§ **WHAT YOU SHOULD DO**
Set down every record below exactly as it stands, minus the pictures.

::::

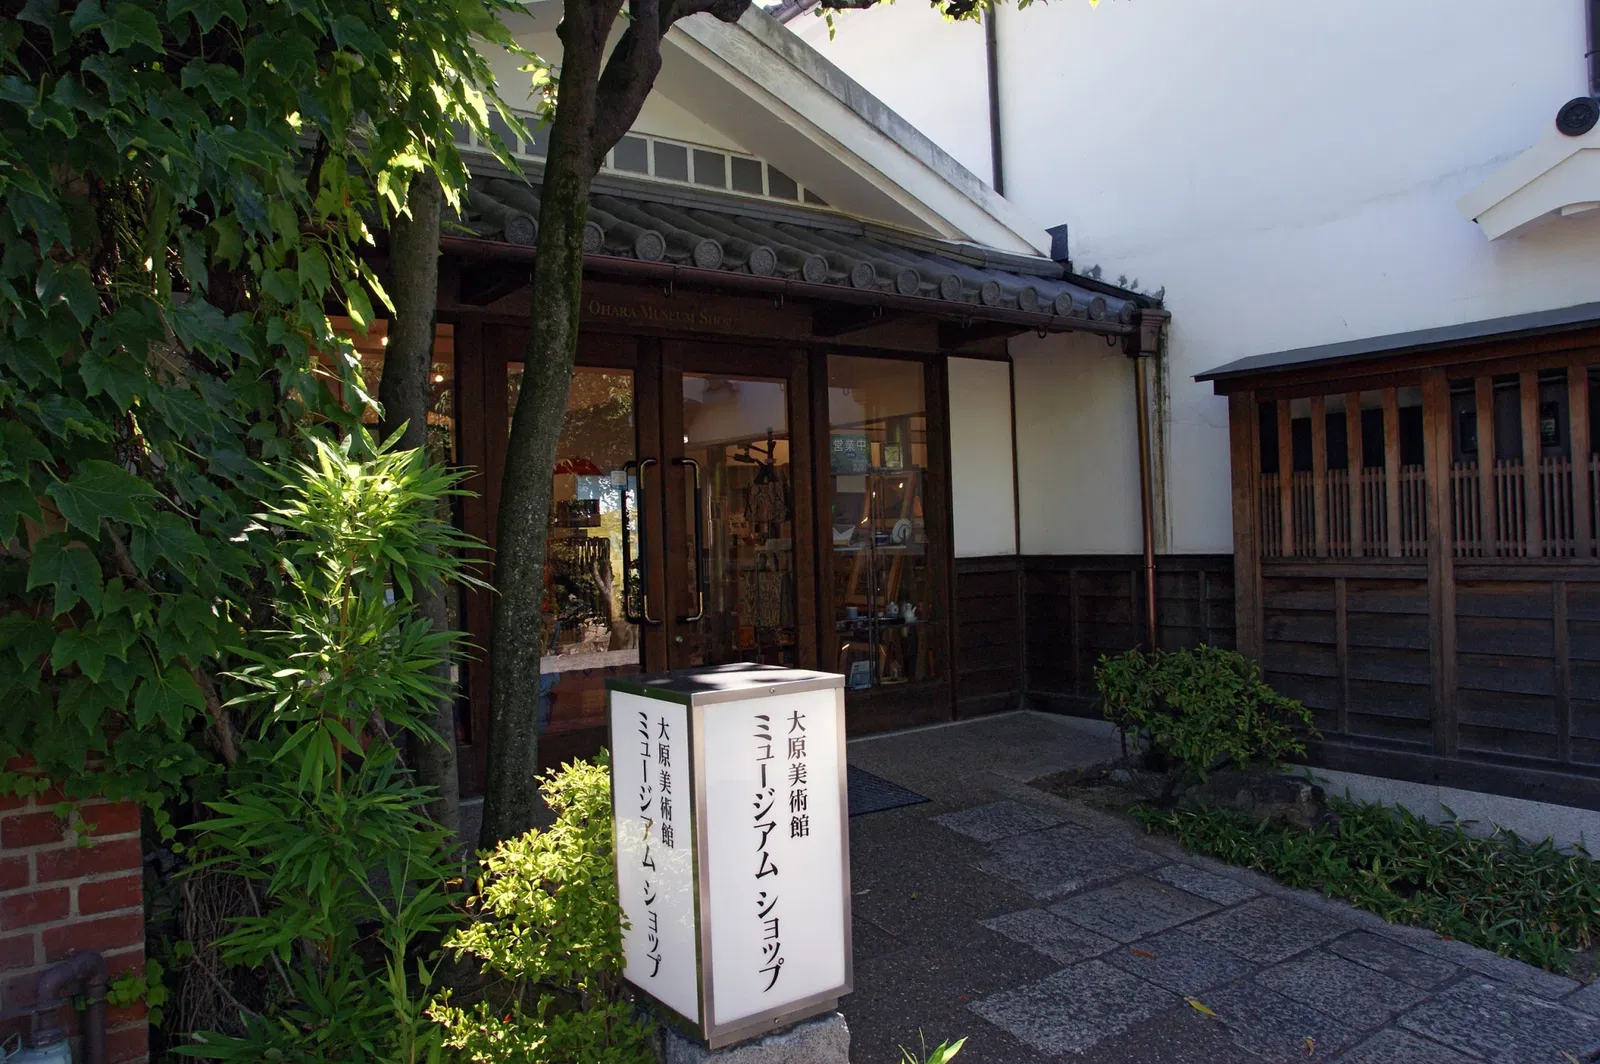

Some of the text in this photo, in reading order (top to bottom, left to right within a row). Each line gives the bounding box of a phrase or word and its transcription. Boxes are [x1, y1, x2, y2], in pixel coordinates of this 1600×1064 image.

[832, 438, 867, 452] 営業中
[657, 715, 675, 849] 大原美術館
[786, 710, 810, 838] 大原美術館
[637, 711, 663, 978] ミュージアム ショップ
[752, 714, 785, 993] ミュージアム ショップ
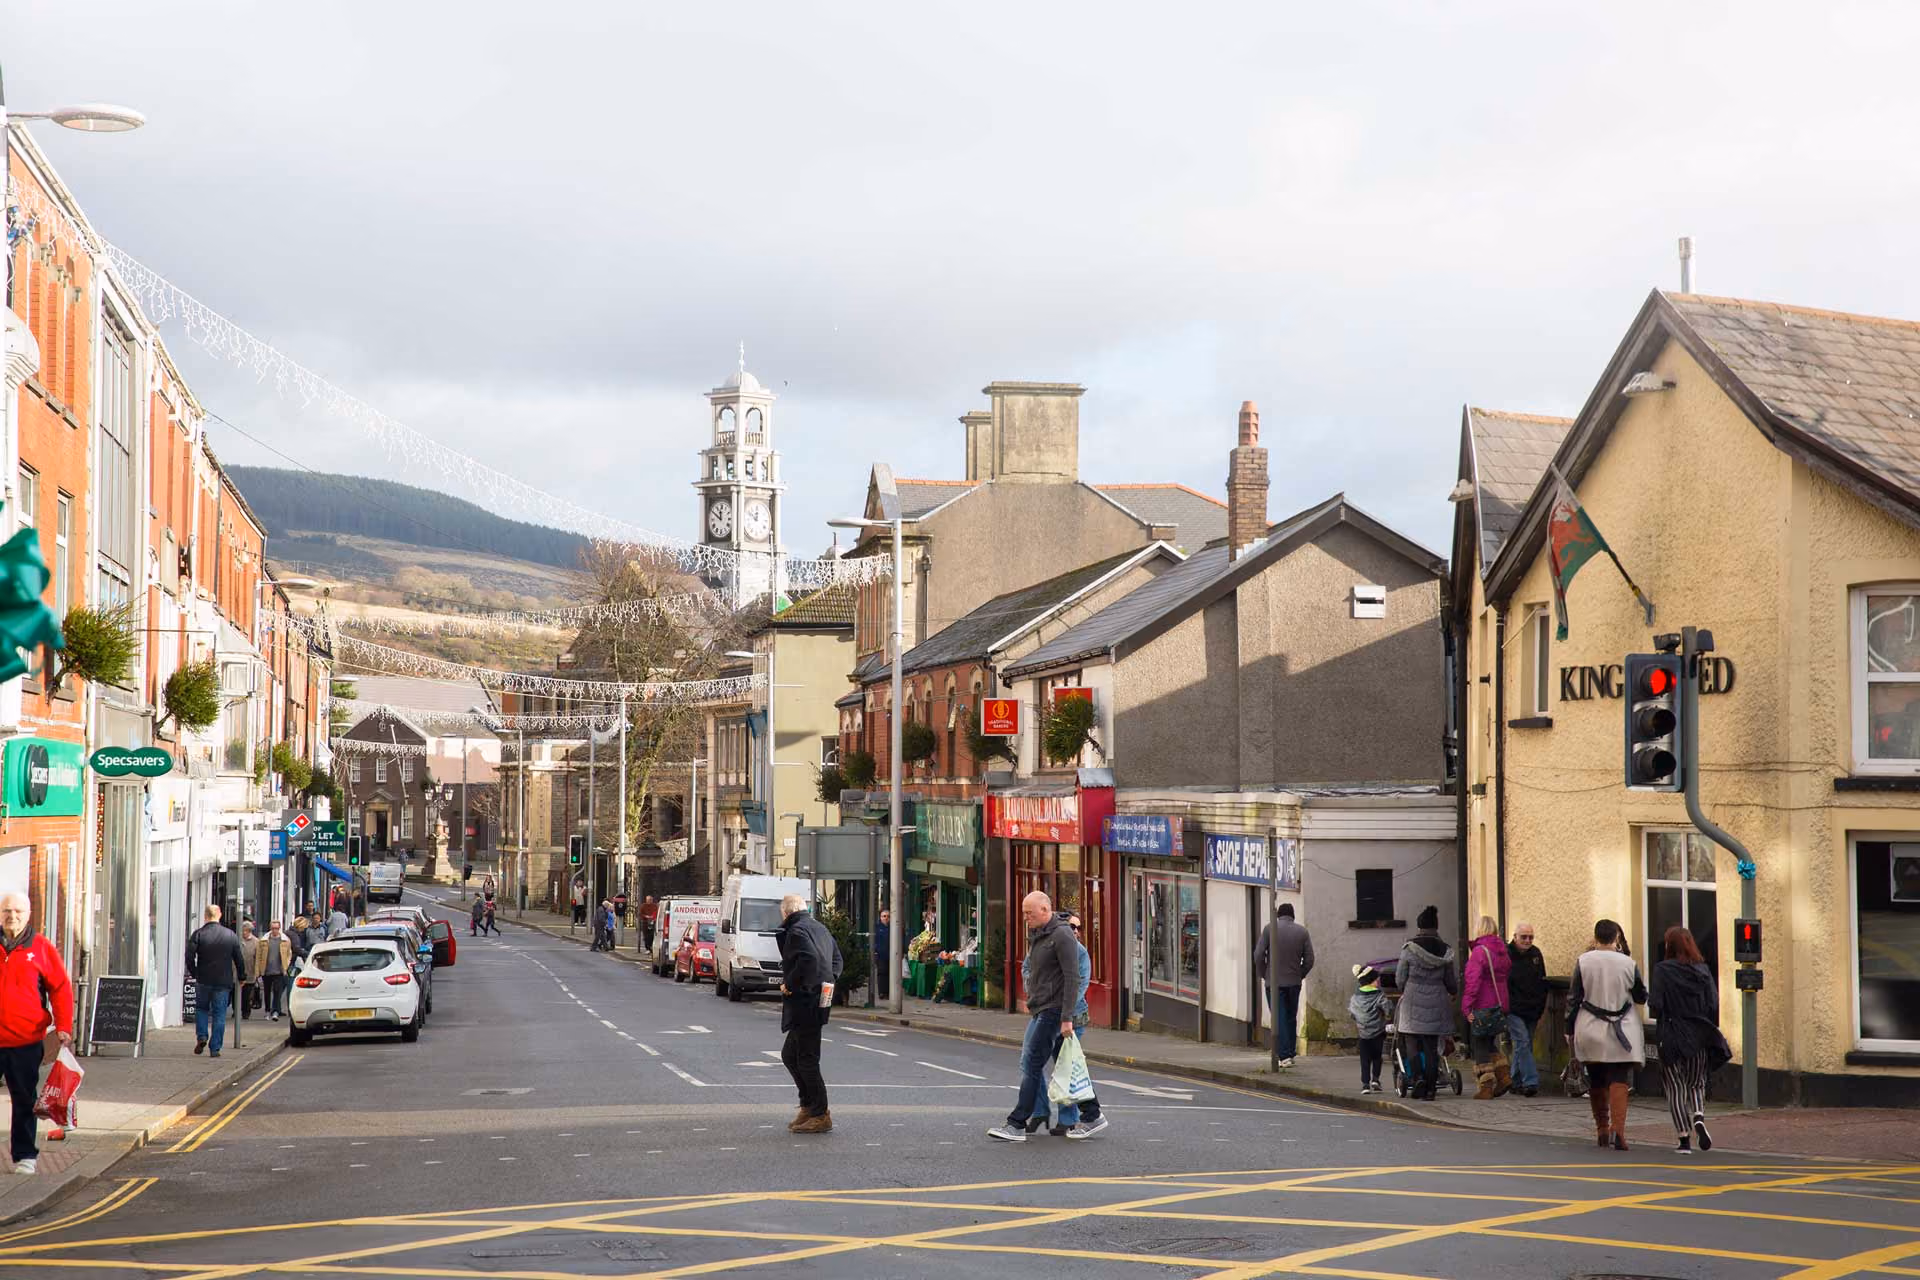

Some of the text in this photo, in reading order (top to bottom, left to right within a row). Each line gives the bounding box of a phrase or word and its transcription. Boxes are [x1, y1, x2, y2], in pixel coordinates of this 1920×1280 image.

[97, 754, 165, 768] Specsavers
[318, 832, 334, 840] LET
[1216, 840, 1284, 881] SHOE REPAIS
[674, 906, 705, 914] ANDREW
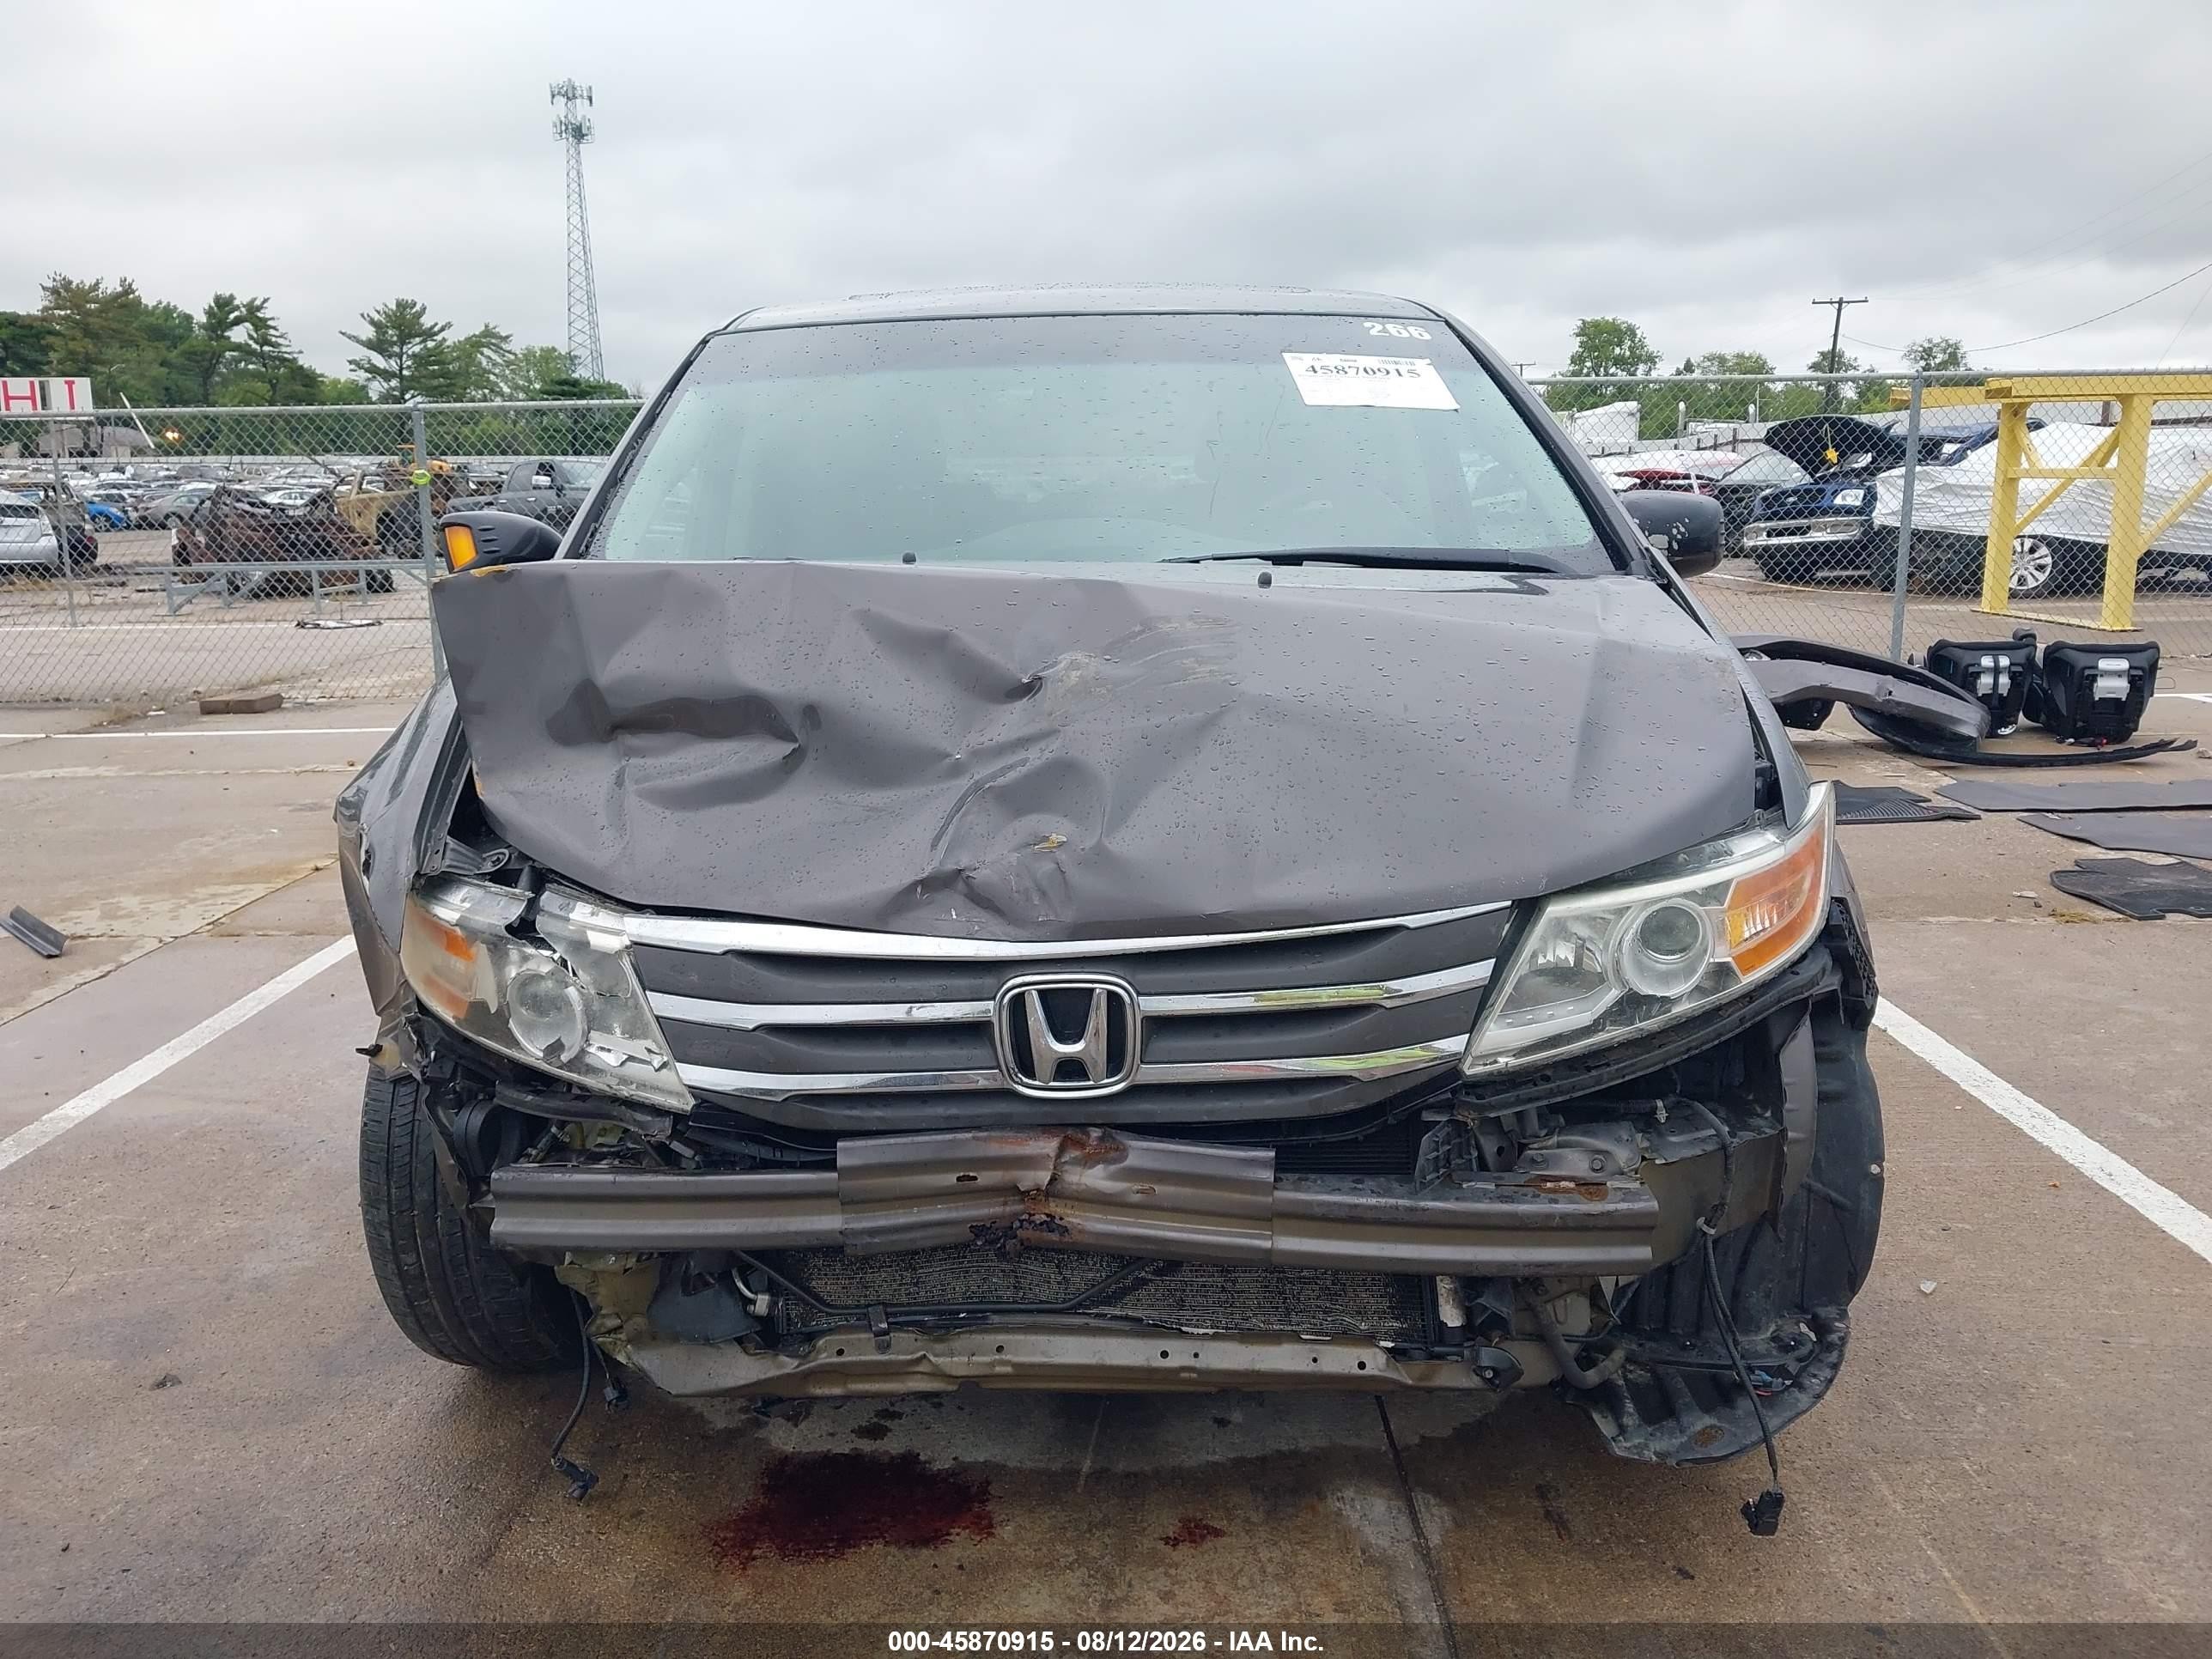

::::

§ **WRITTEN ANSWER**
Some of the text in this photo, in reading order (top to bottom, left to right within a row). Each line gives the bounding box of a phrase or word and its transcription. Boxes are [x1, y1, x2, y2], in pixel coordinates of this 1600×1064 image.

[832, 438, 867, 452] 営業中
[657, 715, 675, 849] 大原美術館
[786, 710, 810, 838] 大原美術館
[637, 711, 663, 978] ミュージアム ショップ
[752, 714, 785, 993] ミュージアム ショップ

Some of the text in this photo, in reading order (top to bottom, left to right within a row). Each line gives the bounding box of a phrase or word and its transcription. Boxes are [x1, y1, x2, y2], in pixel coordinates of this 1920×1280 image.

[97, 754, 165, 768] Specsavers
[318, 832, 334, 840] LET
[1216, 840, 1284, 881] SHOE REPAIS
[674, 906, 705, 914] ANDREW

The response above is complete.